Kudos to you for bucking the trend and encouraging your kids to do things like spending afternoons romping around outside!

Complete anecdata, but the parents in my close friend group are split between "parents with a more free-range kid mindset" and "typical upper-middle-class parental paranoia."

The free-range kids are mostly happy-go-lucky, emotionally stable, and thriving. Almost every single kid over the age of 10 with paranoid parents is diagnosed with a mental health condition of some sort. I mean I literally can only think of one who is not in therapy or taking medication. I think the isolation and lack of unsupervised group activities that you describe is a big part of it.

One of my more paranoid friends made a judgmental comment recently regarding my other friend's daughter not being in therapy.
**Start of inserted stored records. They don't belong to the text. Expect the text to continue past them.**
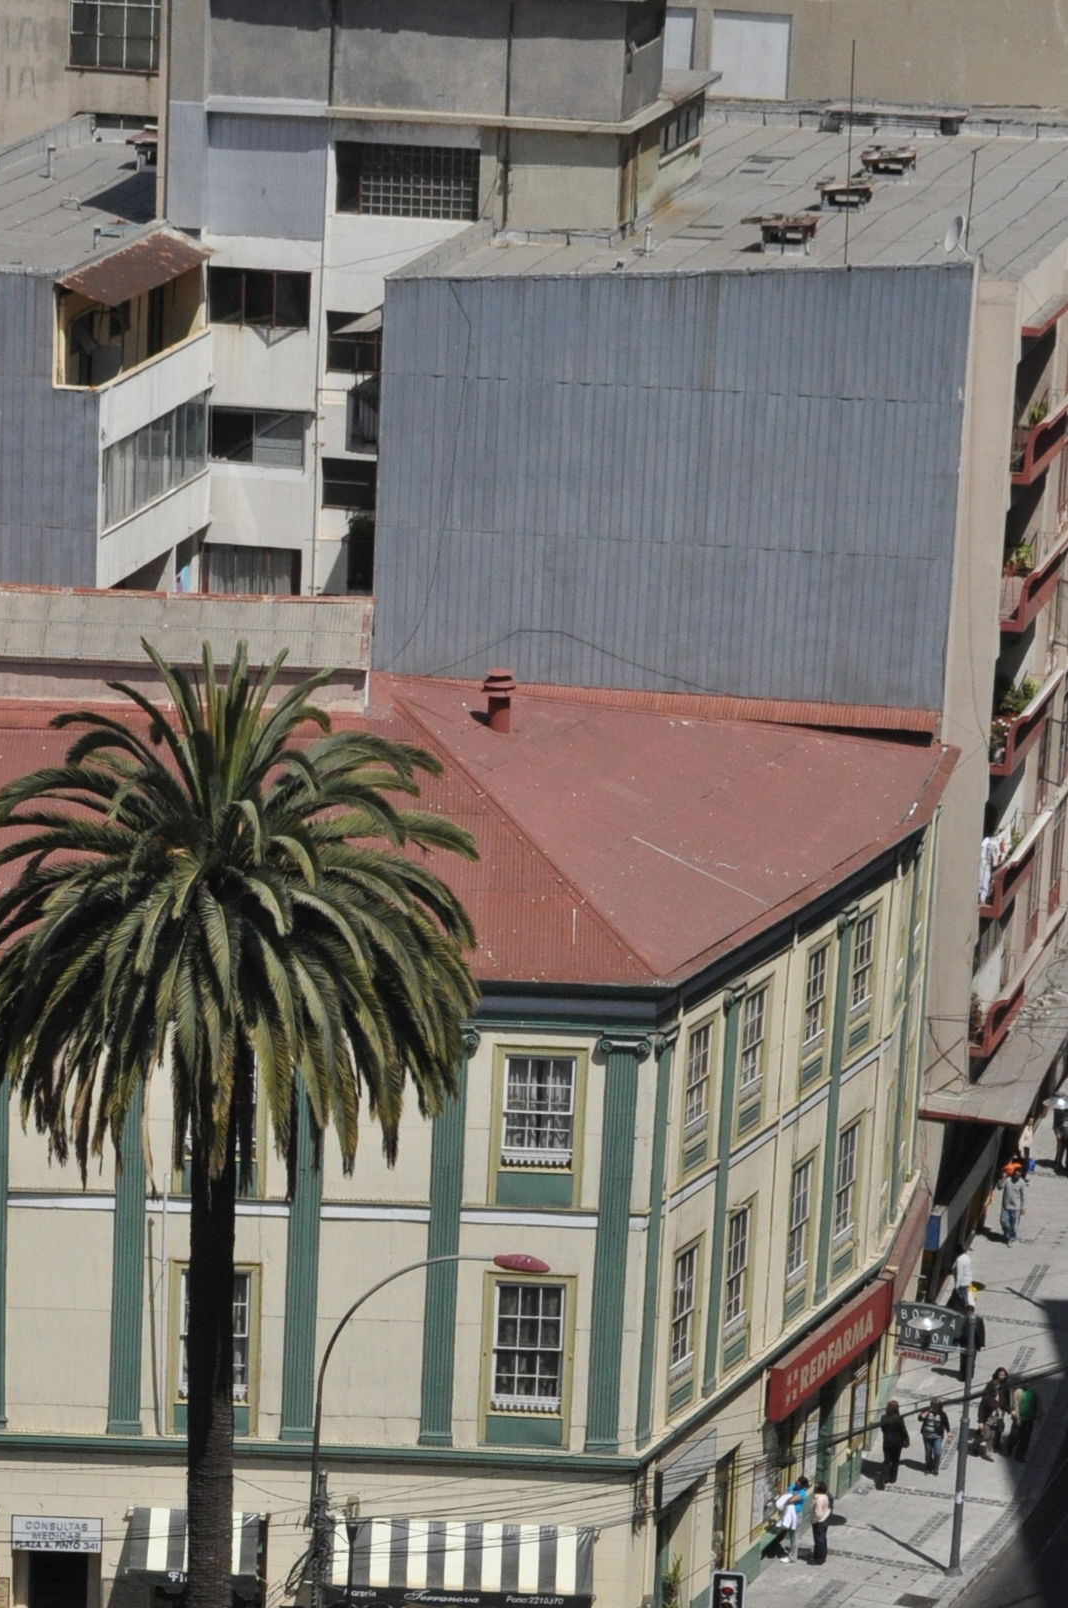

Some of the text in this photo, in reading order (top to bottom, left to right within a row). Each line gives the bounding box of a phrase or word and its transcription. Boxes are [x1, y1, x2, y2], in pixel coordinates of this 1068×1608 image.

[904, 1327, 950, 1345] UNON
[799, 1309, 874, 1393] REDFARMA
[25, 1521, 88, 1532] CONSULTAS
[14, 1540, 42, 1549] PLAZA
[55, 1541, 81, 1550] PINTO
[83, 1543, 99, 1551] 341
[404, 1590, 481, 1604] Terranova
I was extremely confused and asked if the kiddo was having emotional issues. Her response was, "Well not yet, but 12 is a very stressful age, and I think that when you have the money to do so, it's just good parenting to ensure your kid is talking to a therapist on a regular basis."
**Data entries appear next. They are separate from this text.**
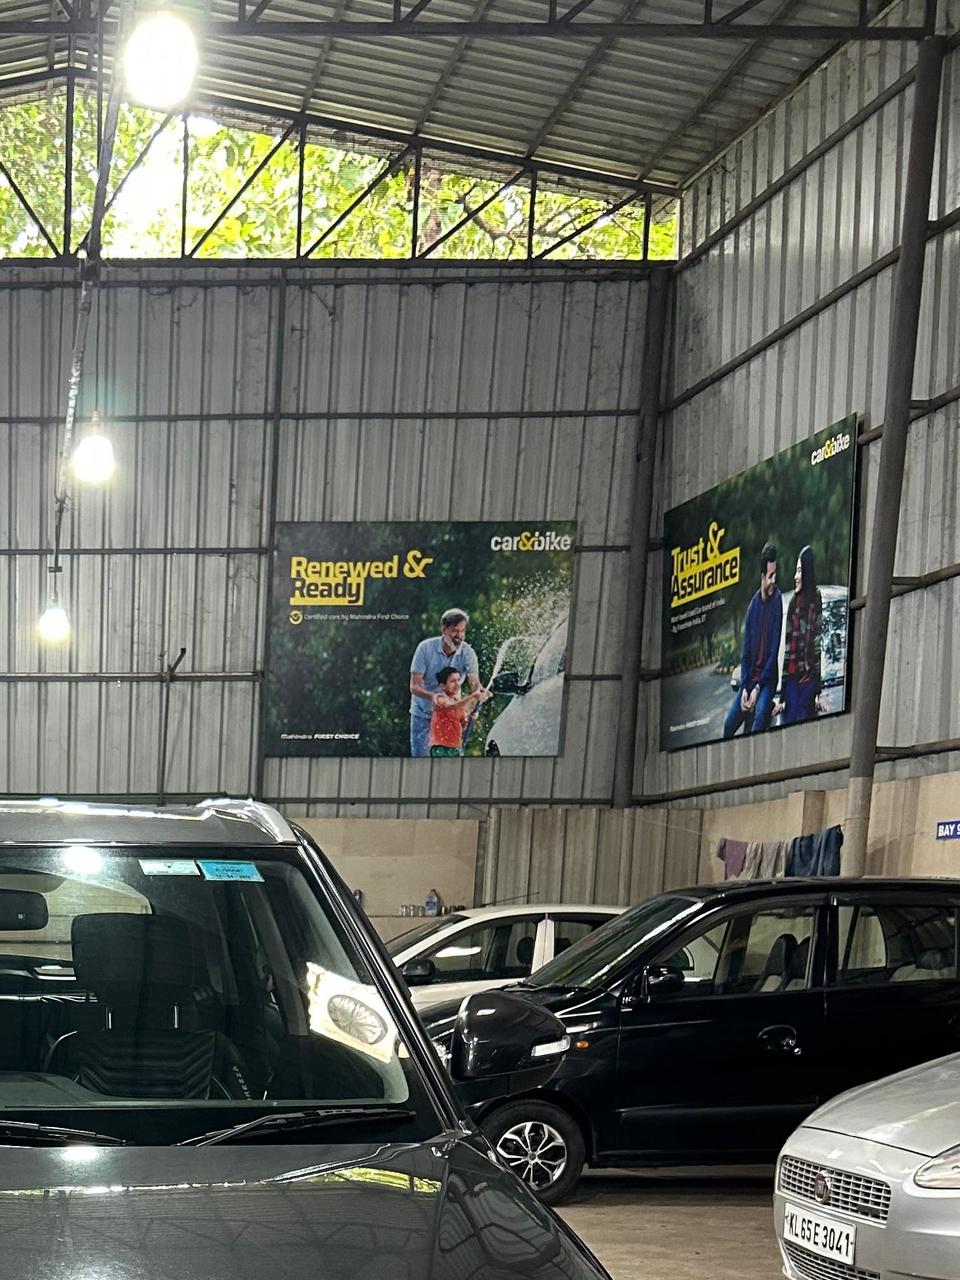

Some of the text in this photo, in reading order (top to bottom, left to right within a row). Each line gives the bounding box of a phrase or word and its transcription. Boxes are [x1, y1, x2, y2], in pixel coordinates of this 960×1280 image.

[811, 433, 850, 465] car&bike
[490, 531, 572, 552] car&bike
[671, 521, 725, 576] Trust &
[290, 550, 434, 579] Renewed &
[671, 556, 738, 601] Assurance
[292, 577, 362, 603] Ready
[938, 824, 955, 837] BAY
[789, 1211, 850, 1257] KL 65 E 3041
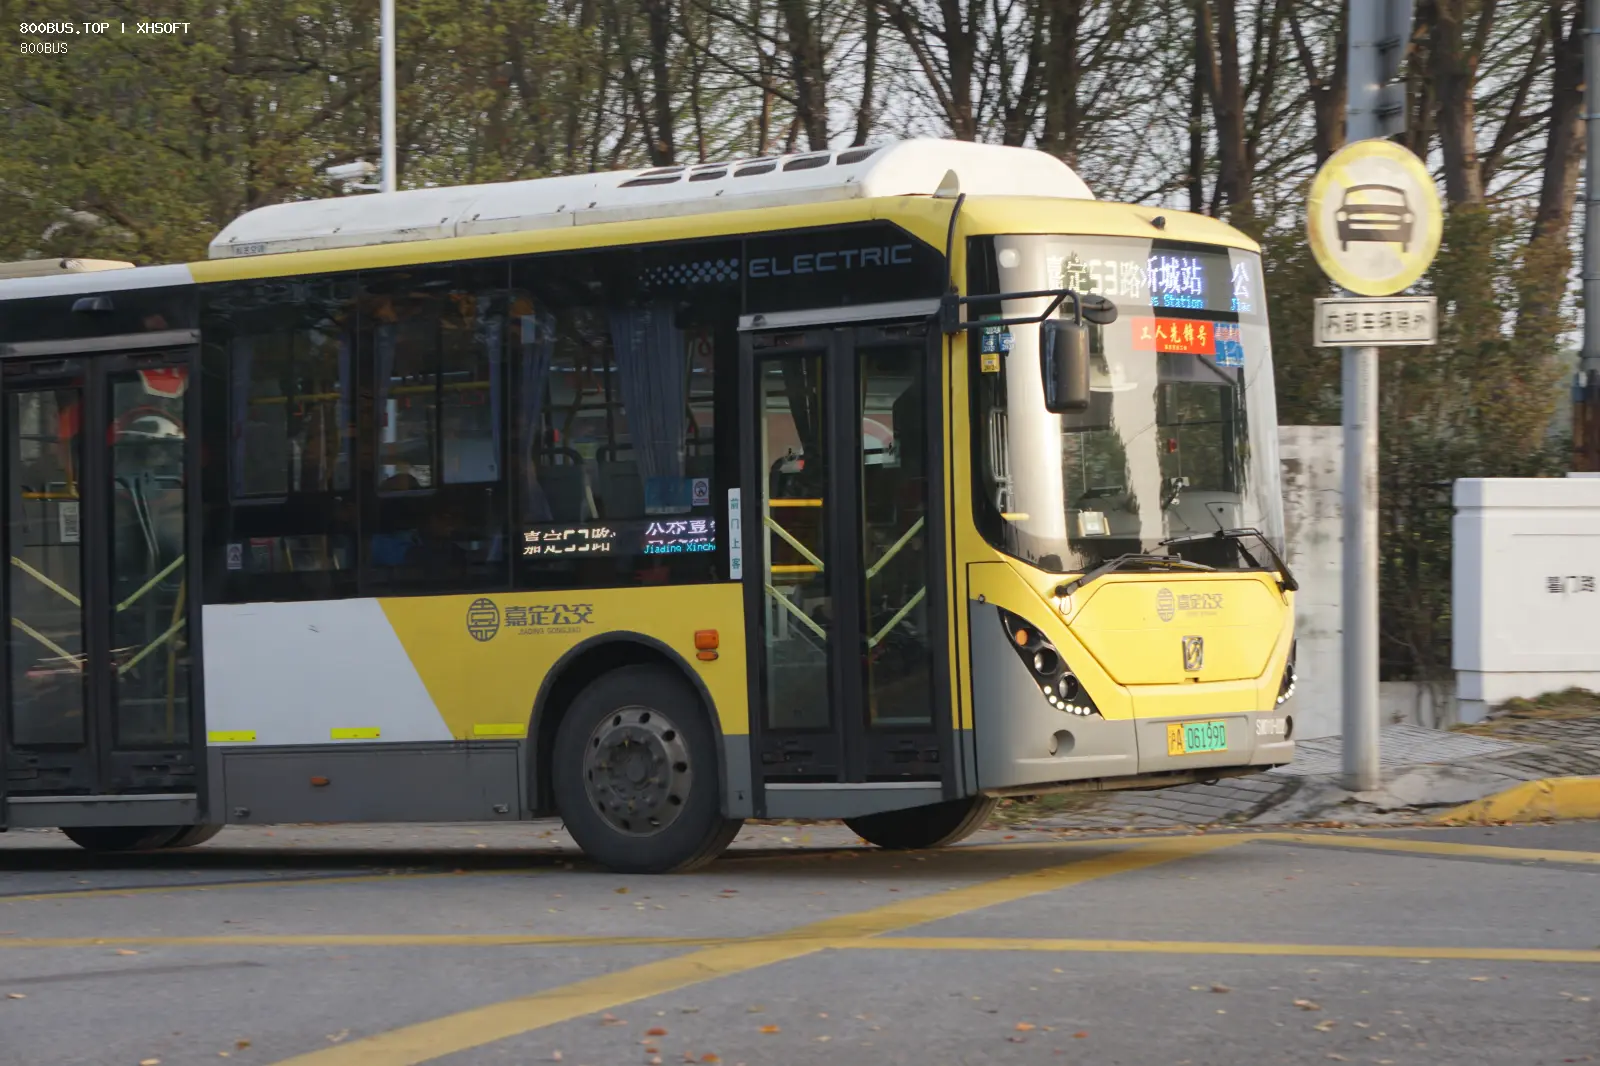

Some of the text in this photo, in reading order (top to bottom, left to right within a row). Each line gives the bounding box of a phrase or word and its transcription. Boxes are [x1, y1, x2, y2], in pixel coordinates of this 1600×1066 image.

[749, 244, 913, 278] ELECTRIC
[1140, 321, 1208, 348] 工人先锋号
[730, 497, 741, 570] 前门上客
[504, 603, 595, 627] 嘉定公交
[1177, 593, 1224, 610] 嘉定公交
The level of paranoia needed to believe that every single perfectly stable 12-year-old needs weekly visits with a mental health professional to ensure their health and safety, and that not supplying this is neglectful, is just... bizarre.

I cannot help but believe this sort of behavior is severely damaging the psyche of these kids. And I also don't see how it can't be hurting the parents as well. Imagine how incredibly stressful it must be to be a parent who believes every stranger, every walk around the block, and every pre-teen mood swing is a serious danger to their child.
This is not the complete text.